## [Exercise details]
Nothing but the lines from the one containing "Some of the text" through the last line of the material should appear in the answer, transcribed exactly, pictures excluded.

## [Recorded information]
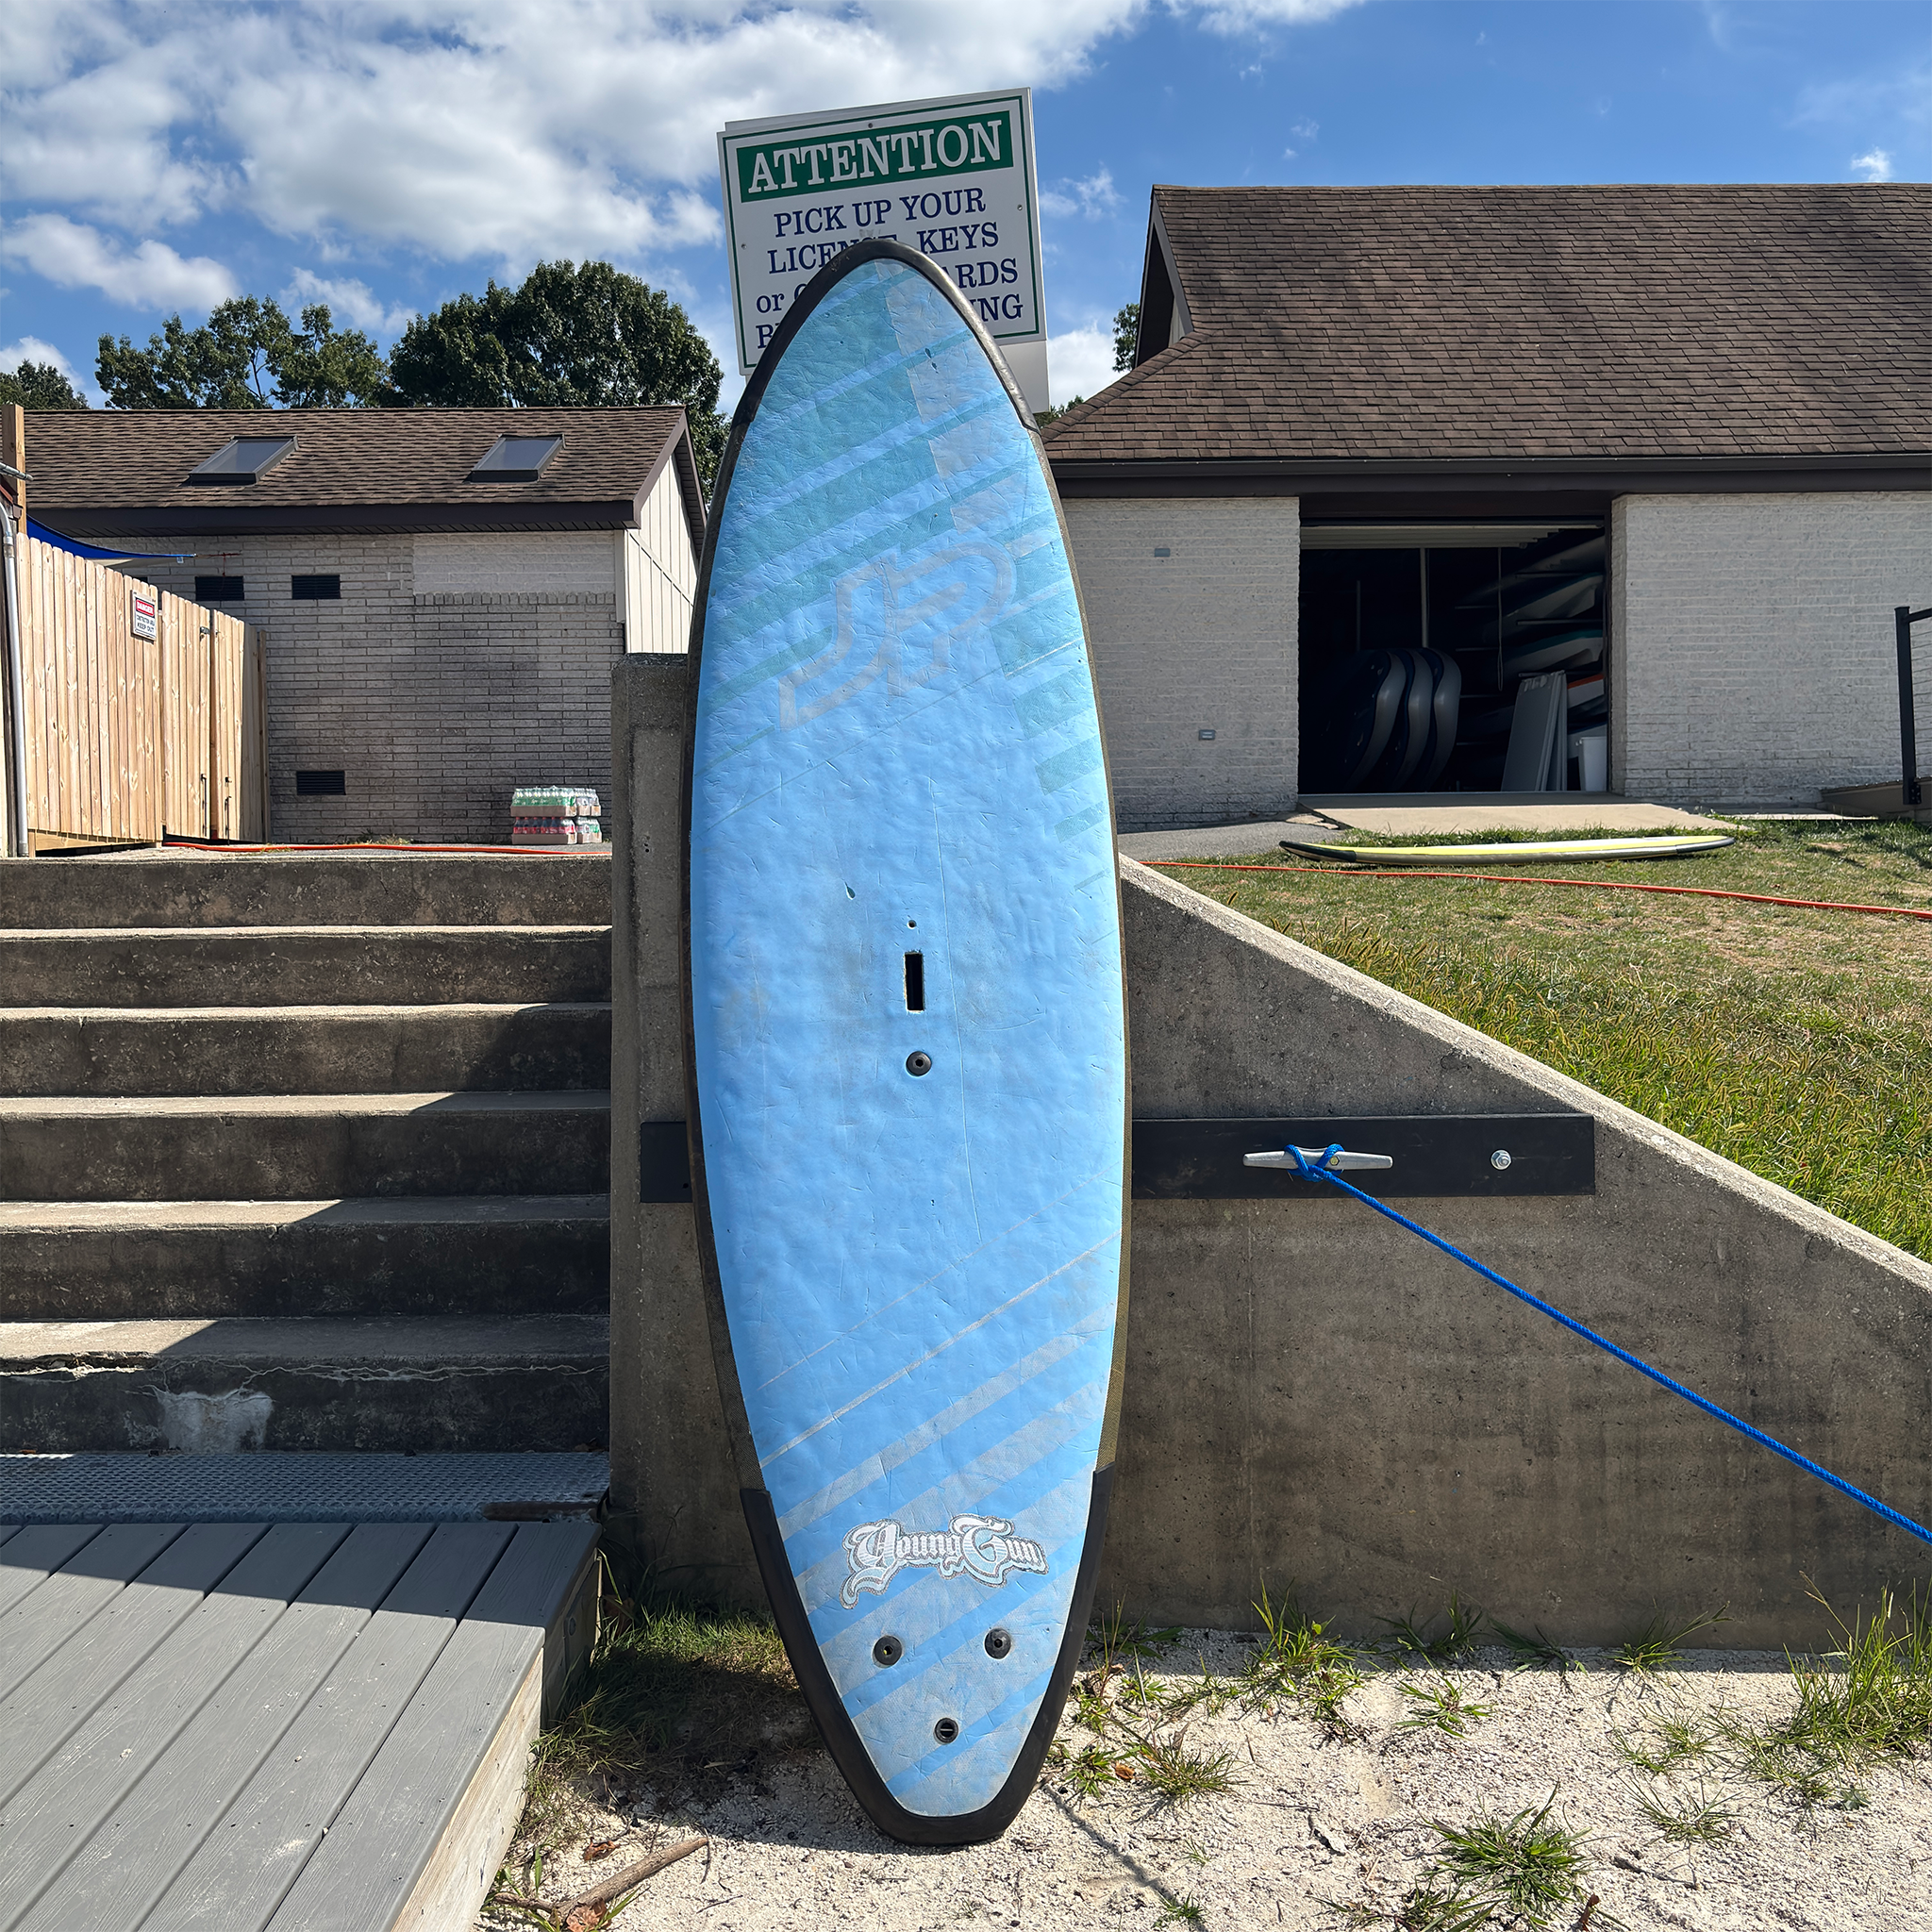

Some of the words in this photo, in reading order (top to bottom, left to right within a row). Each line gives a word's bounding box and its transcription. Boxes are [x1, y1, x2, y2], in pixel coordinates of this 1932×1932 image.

[748, 119, 1002, 193] ATTENTION
[774, 205, 847, 238] PICK
[852, 199, 891, 227] UP
[899, 188, 986, 221] YOUR
[767, 235, 897, 275] LICE
[916, 222, 999, 255] KEYS
[756, 291, 785, 313] or
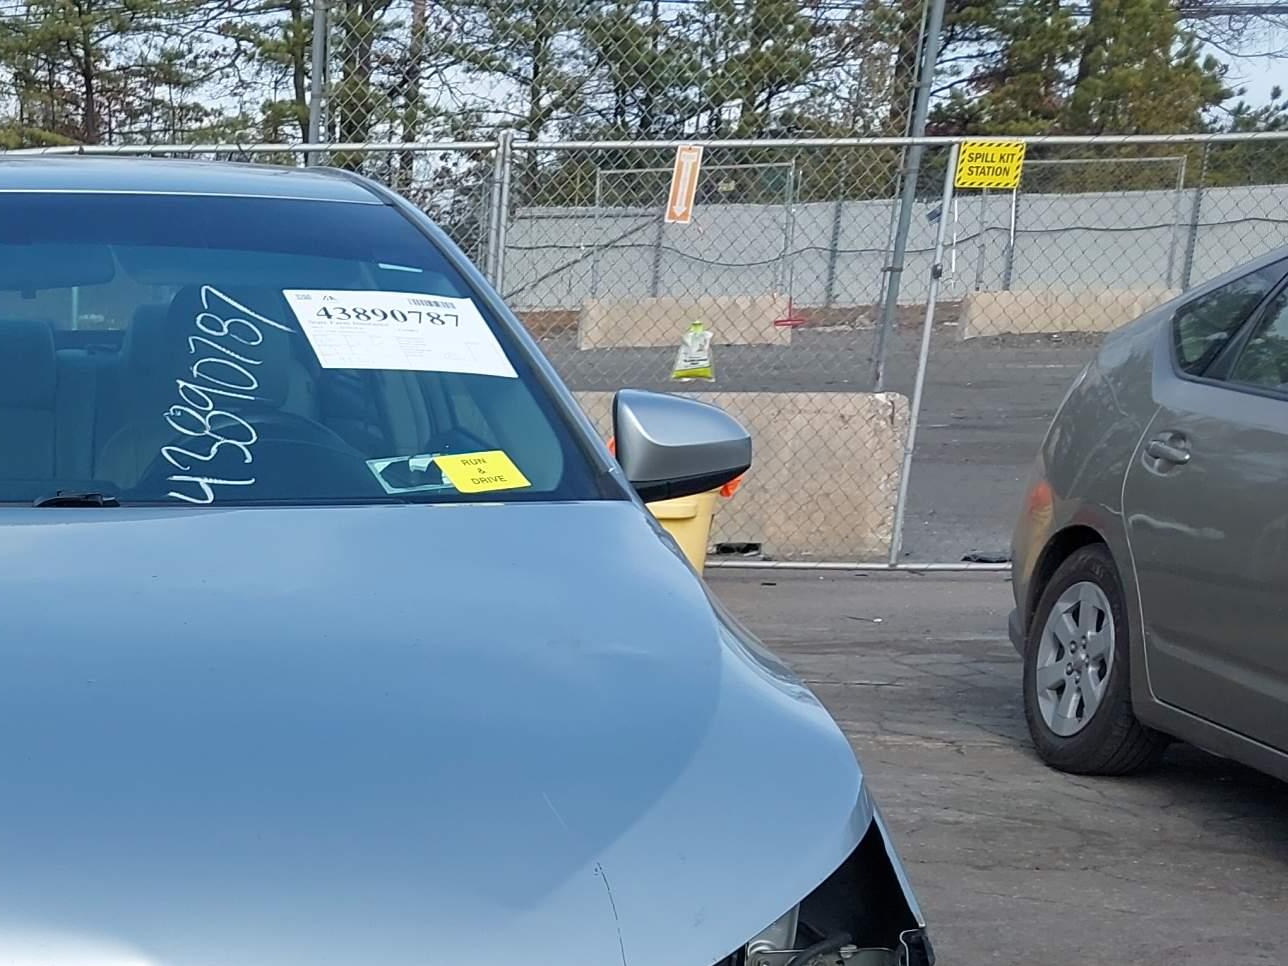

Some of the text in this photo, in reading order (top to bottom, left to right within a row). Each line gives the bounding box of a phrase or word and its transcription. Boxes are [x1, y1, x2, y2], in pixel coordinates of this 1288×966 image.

[967, 152, 1016, 164] SPILL KIT
[967, 165, 1010, 177] STATION
[315, 305, 460, 327] 43890787
[161, 285, 296, 505] 43890787
[460, 457, 488, 466] RUN
[471, 475, 508, 485] DRIVE
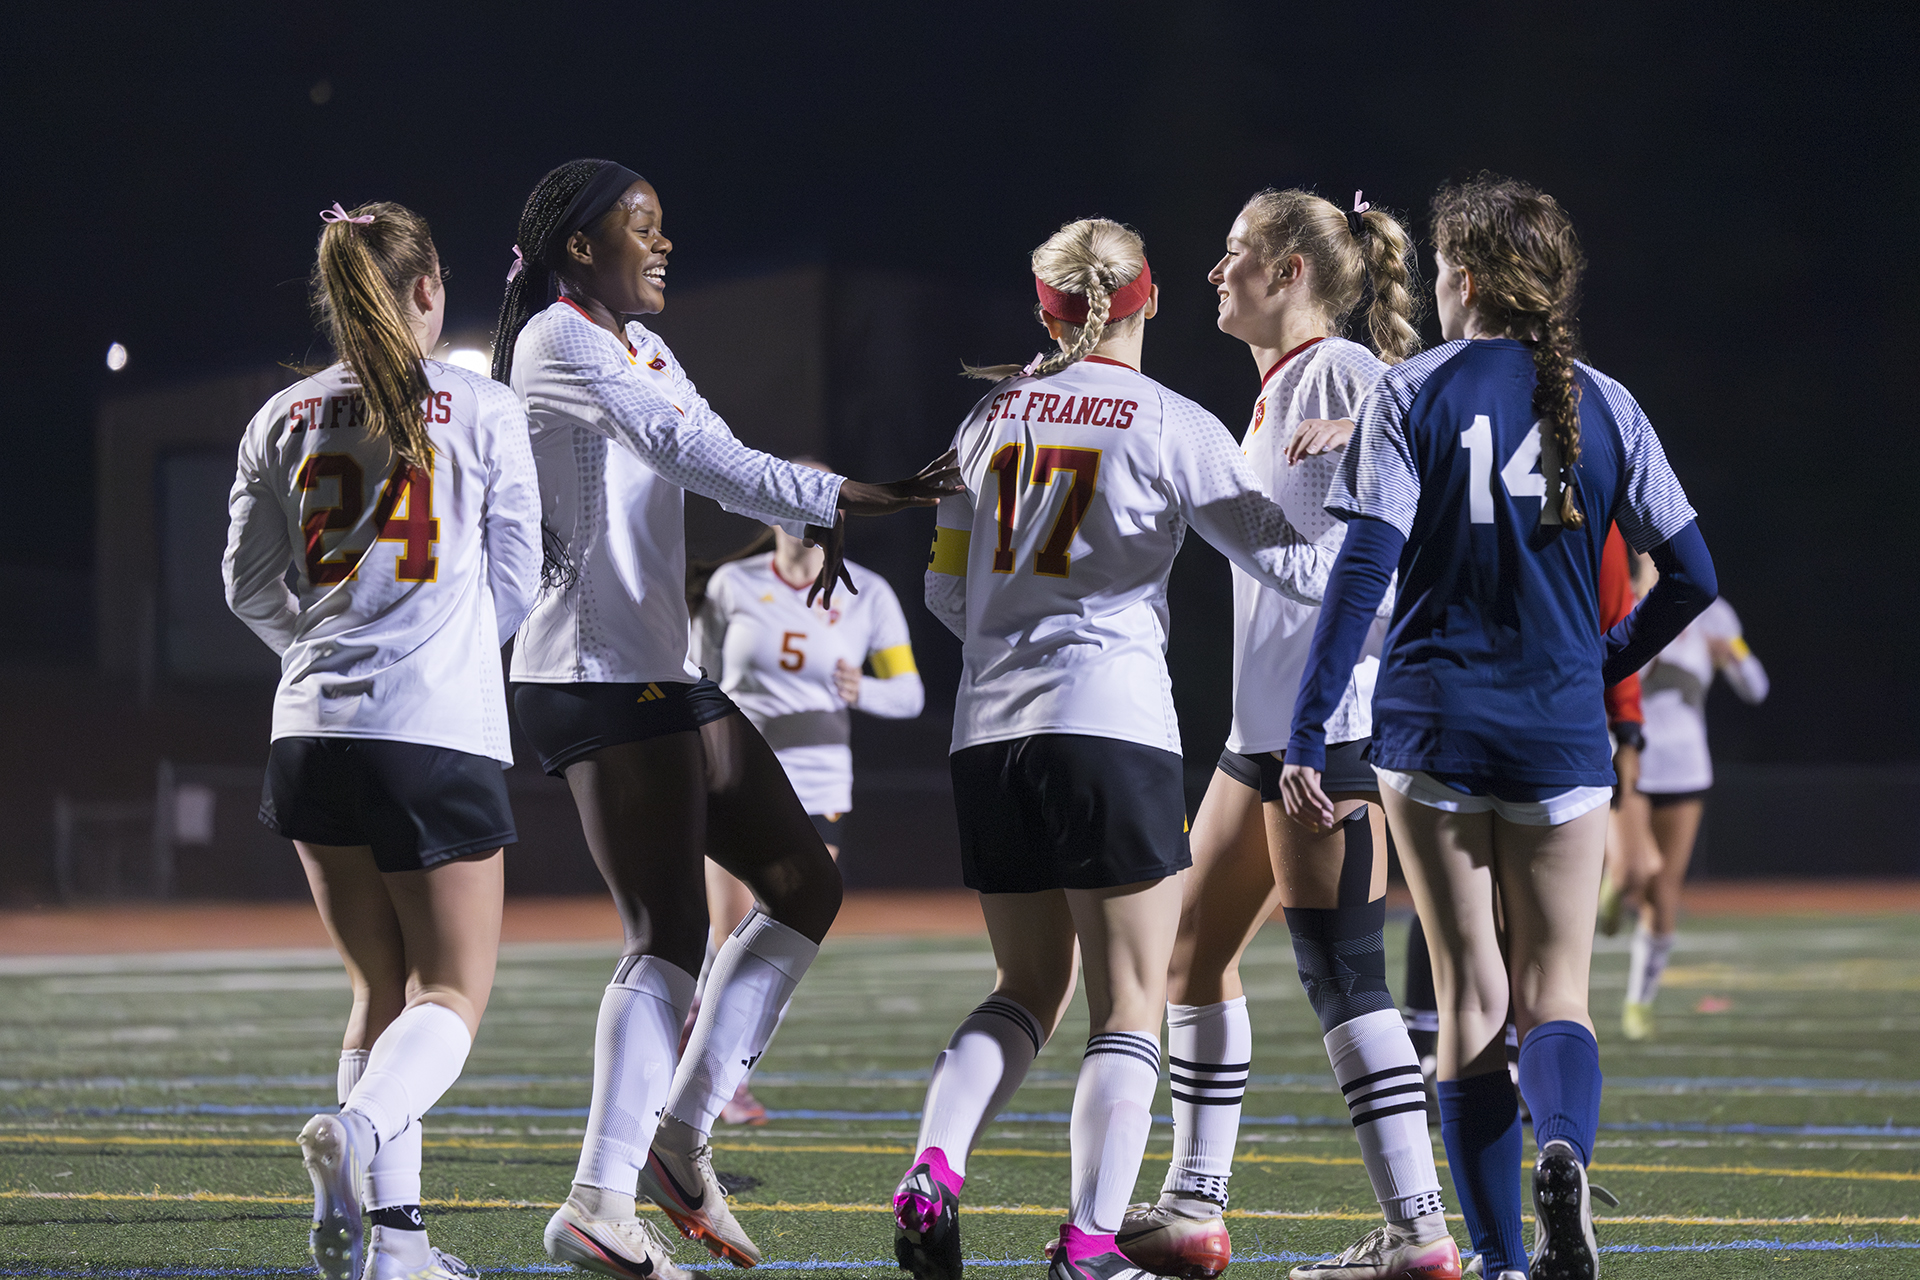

## [Answer for this exercise]
Some of the text in this photo, in reading order (top to bottom, left to right within a row). Each line gives the bounding box of a phrase or word and its transcription. Boxes are [x1, y1, x2, y2], in pixel coordinates of this 1288×966 image.

[967, 152, 1016, 164] SPILL KIT
[967, 165, 1010, 177] STATION
[315, 305, 460, 327] 43890787
[161, 285, 296, 505] 43890787
[460, 457, 488, 466] RUN
[471, 475, 508, 485] DRIVE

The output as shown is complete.